Data items ->
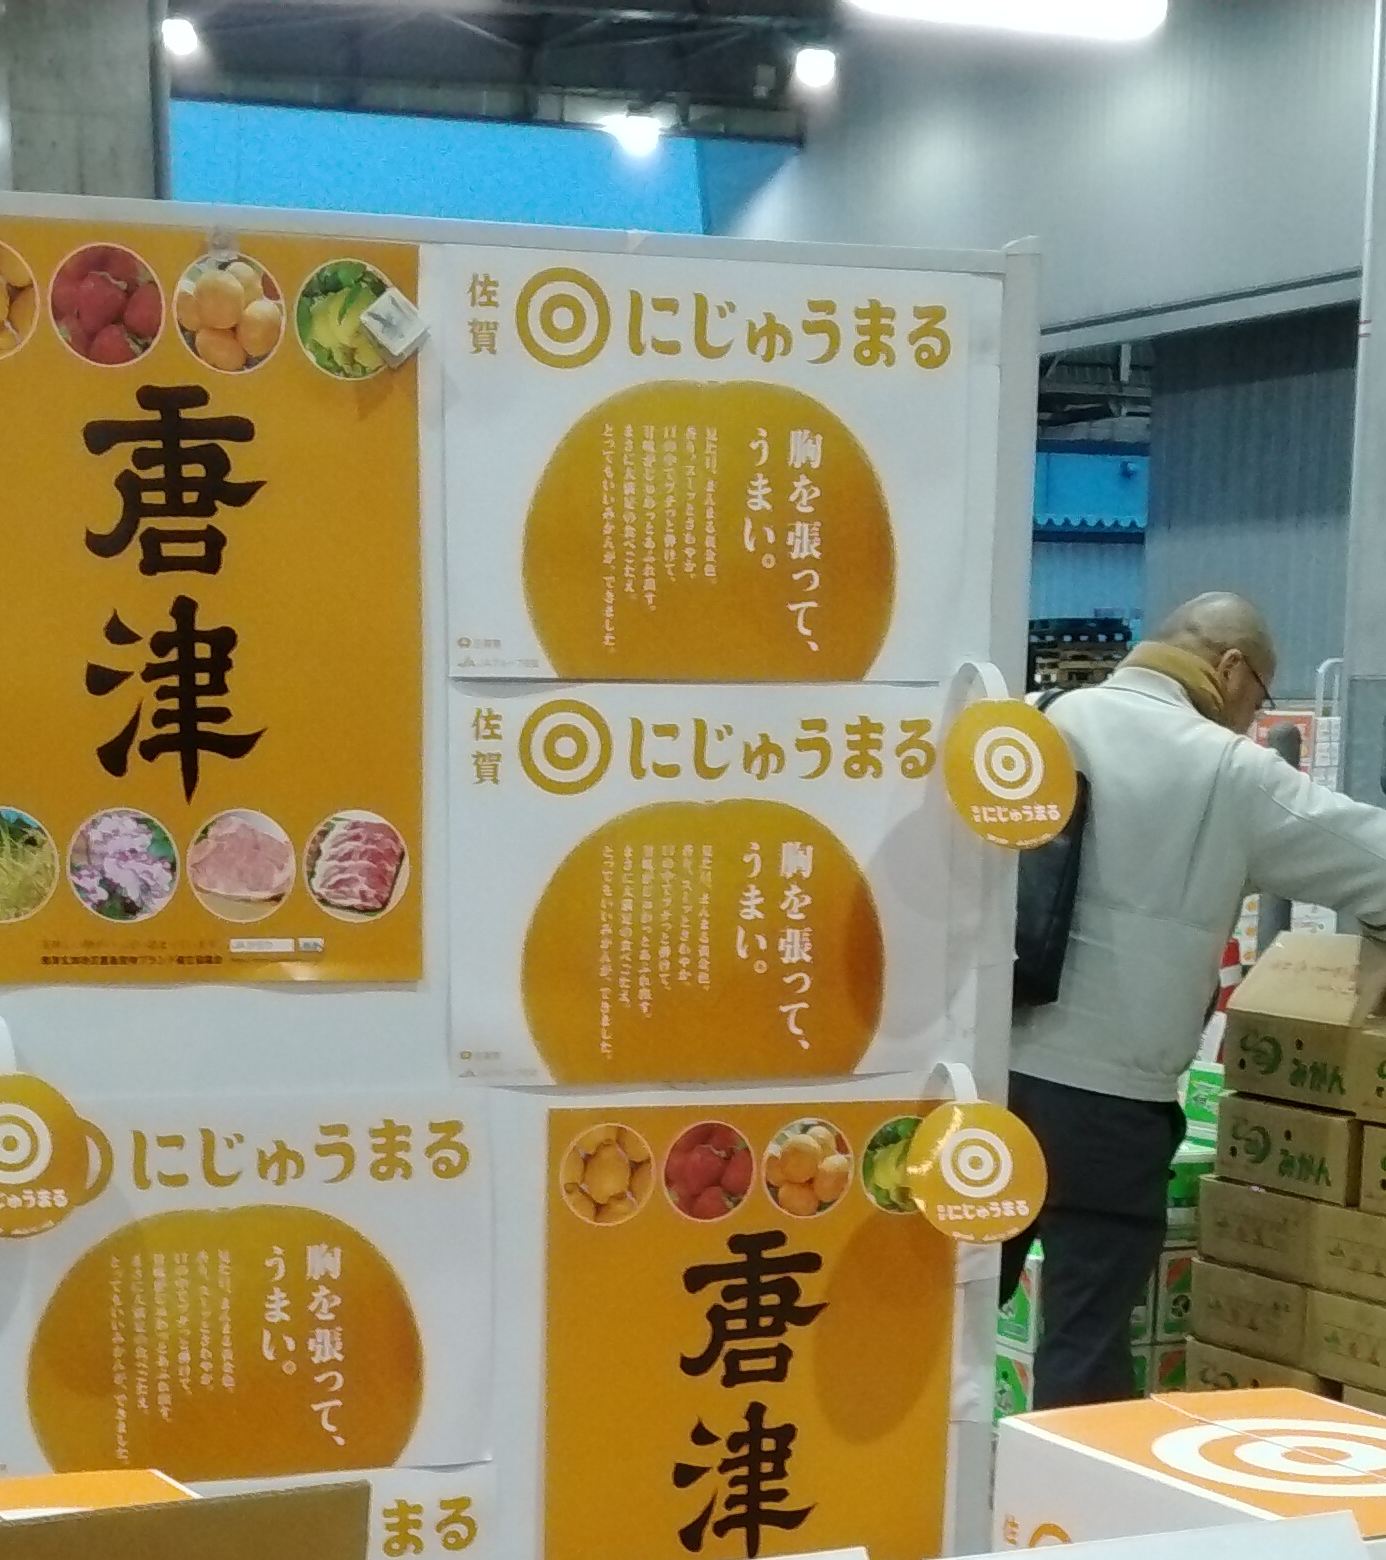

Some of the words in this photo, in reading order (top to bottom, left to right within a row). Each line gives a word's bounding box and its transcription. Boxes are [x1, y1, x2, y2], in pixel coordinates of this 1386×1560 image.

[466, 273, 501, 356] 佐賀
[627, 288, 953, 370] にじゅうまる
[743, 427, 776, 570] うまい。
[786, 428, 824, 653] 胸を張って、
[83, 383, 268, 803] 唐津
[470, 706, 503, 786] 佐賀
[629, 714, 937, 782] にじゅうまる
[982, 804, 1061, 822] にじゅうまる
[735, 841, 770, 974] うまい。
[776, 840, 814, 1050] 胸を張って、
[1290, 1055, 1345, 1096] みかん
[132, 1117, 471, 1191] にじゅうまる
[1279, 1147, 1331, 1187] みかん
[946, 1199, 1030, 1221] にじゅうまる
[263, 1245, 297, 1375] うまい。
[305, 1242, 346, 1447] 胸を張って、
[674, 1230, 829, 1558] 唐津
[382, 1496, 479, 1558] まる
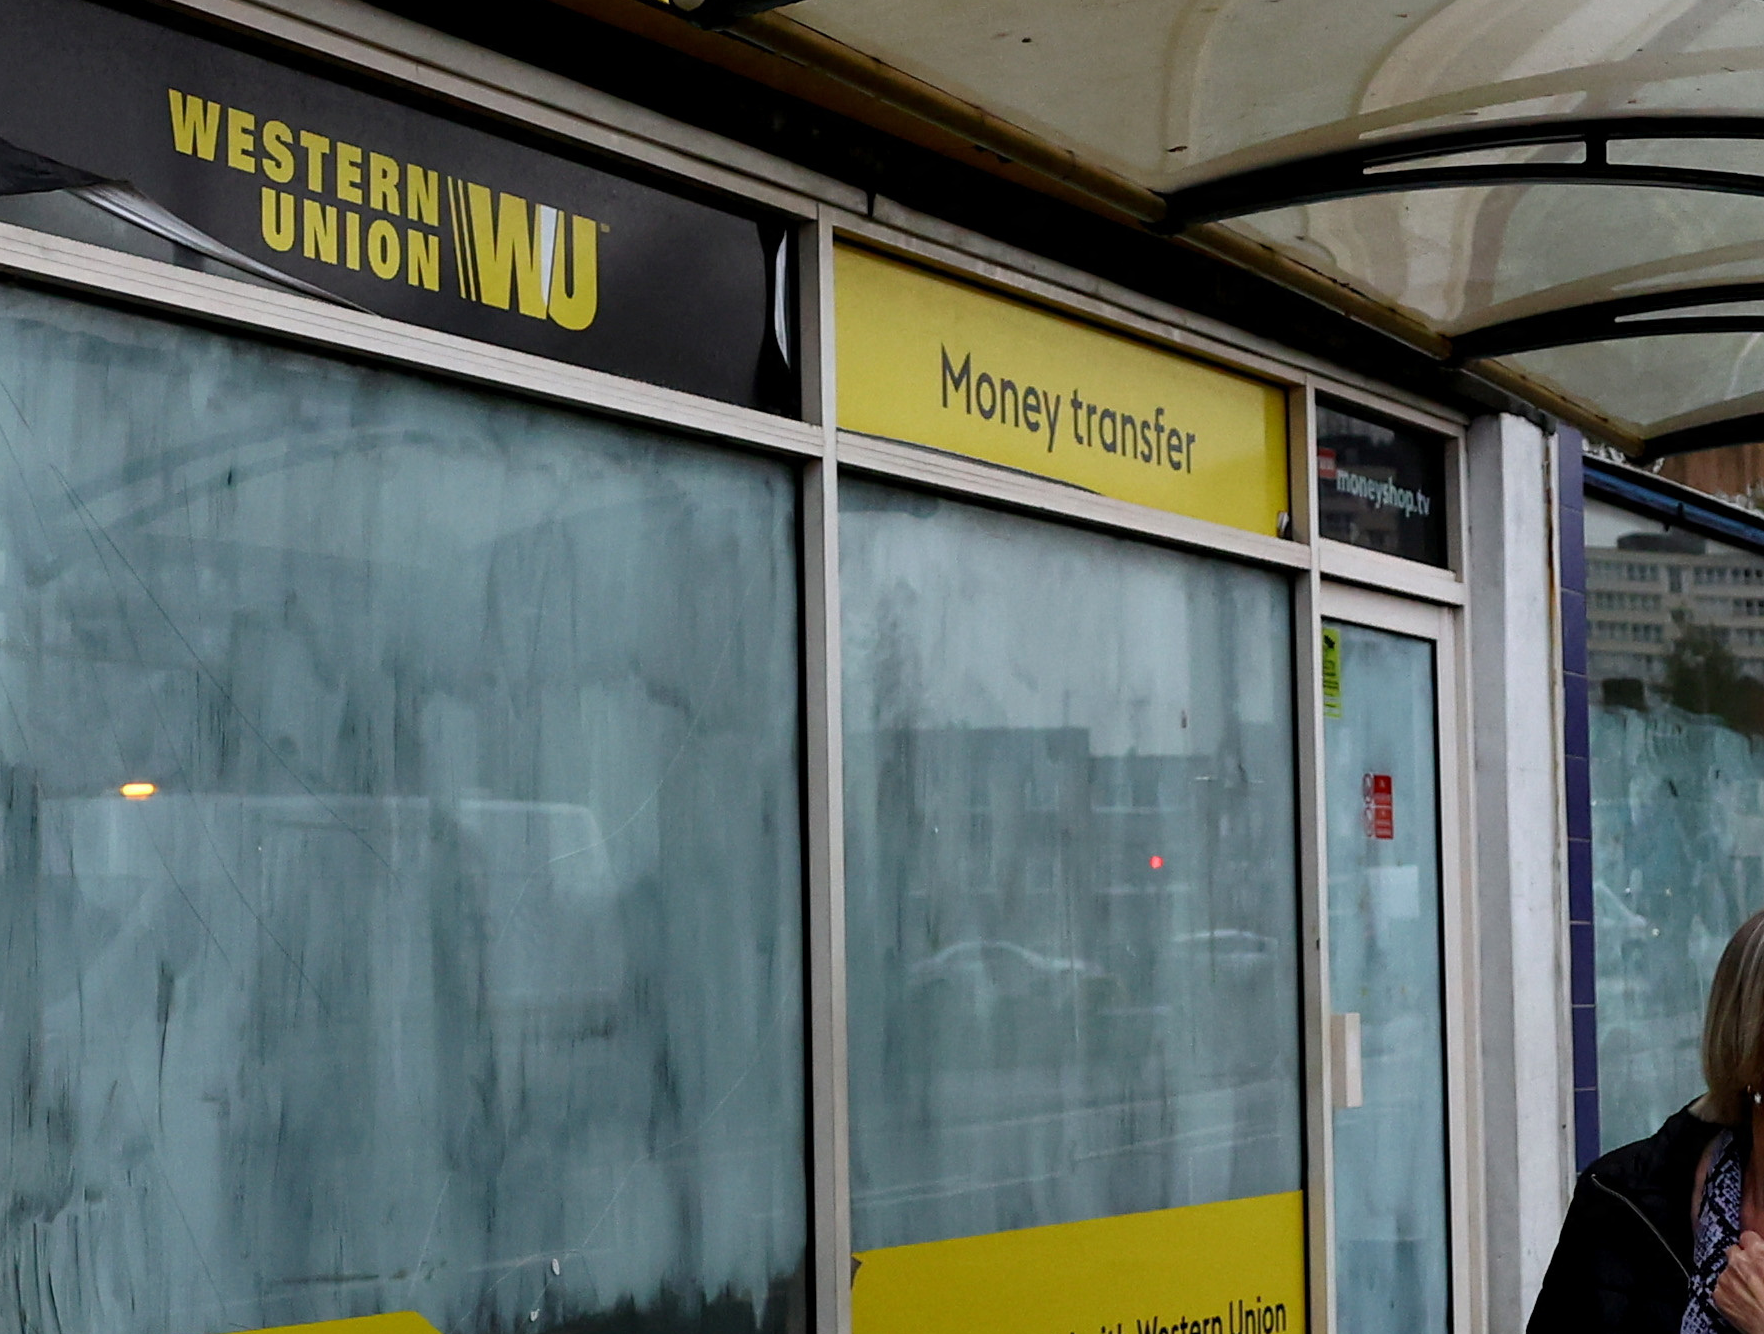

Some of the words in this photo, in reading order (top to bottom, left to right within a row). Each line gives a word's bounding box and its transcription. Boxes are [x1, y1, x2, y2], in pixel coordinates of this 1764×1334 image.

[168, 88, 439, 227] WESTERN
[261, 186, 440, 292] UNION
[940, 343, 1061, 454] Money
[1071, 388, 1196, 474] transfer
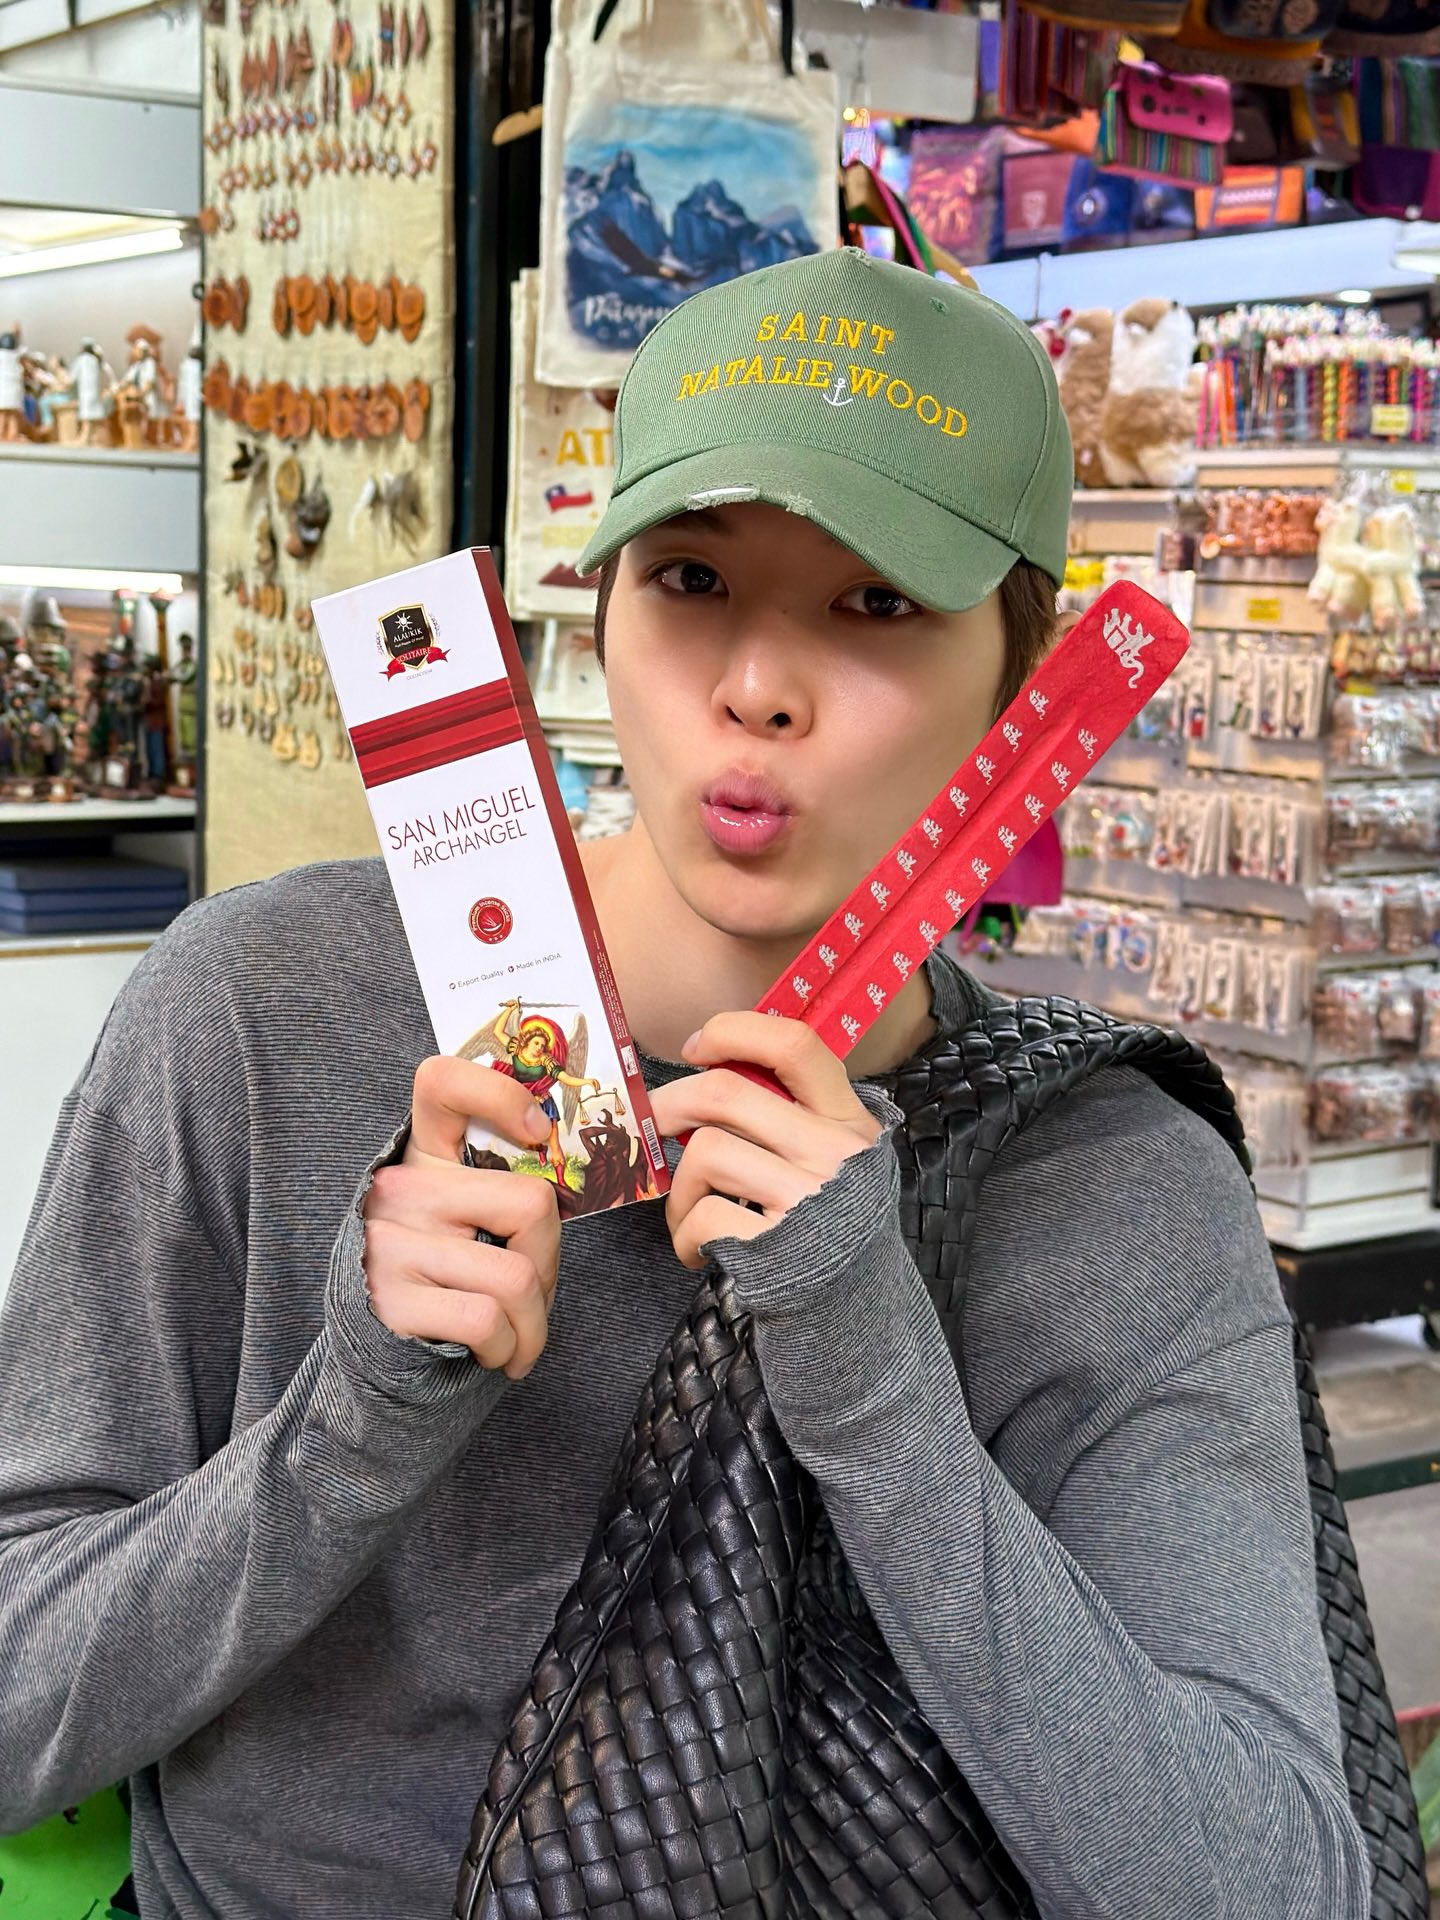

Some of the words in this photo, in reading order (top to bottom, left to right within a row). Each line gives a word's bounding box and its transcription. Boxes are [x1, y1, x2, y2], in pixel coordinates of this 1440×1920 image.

TO DO -> Please reproduce every record exactly as written, excluding the pictures.

ANSWER SECTION ->
Some of the words in this photo, in reading order (top to bottom, left to right within a row). Each line gives a word's bounding box and its transcription. Boxes are [x1, y1, x2, y2], in pixel coordinates of this 1386×1560 image.

[466, 273, 501, 356] 佐賀
[627, 288, 953, 370] にじゅうまる
[743, 427, 776, 570] うまい。
[786, 428, 824, 653] 胸を張って、
[83, 383, 268, 803] 唐津
[470, 706, 503, 786] 佐賀
[629, 714, 937, 782] にじゅうまる
[982, 804, 1061, 822] にじゅうまる
[735, 841, 770, 974] うまい。
[776, 840, 814, 1050] 胸を張って、
[1290, 1055, 1345, 1096] みかん
[132, 1117, 471, 1191] にじゅうまる
[1279, 1147, 1331, 1187] みかん
[946, 1199, 1030, 1221] にじゅうまる
[263, 1245, 297, 1375] うまい。
[305, 1242, 346, 1447] 胸を張って、
[674, 1230, 829, 1558] 唐津
[382, 1496, 479, 1558] まる

Some of the words in this photo, in reading order (top to bottom, left to right within a row). Each line gives a word's bounding box and its transcription. Boxes are [x1, y1, x2, y2], in pixel coordinates of this 1764×1334 image.

[168, 88, 439, 227] WESTERN
[261, 186, 440, 292] UNION
[940, 343, 1061, 454] Money
[1071, 388, 1196, 474] transfer

Some of the words in this photo, in reading order (top to bottom, left to right within a row). Each line gives a word's bounding box and its transcription. Boxes are [x1, y1, x2, y2], in pixel coordinates of this 1440×1920 image.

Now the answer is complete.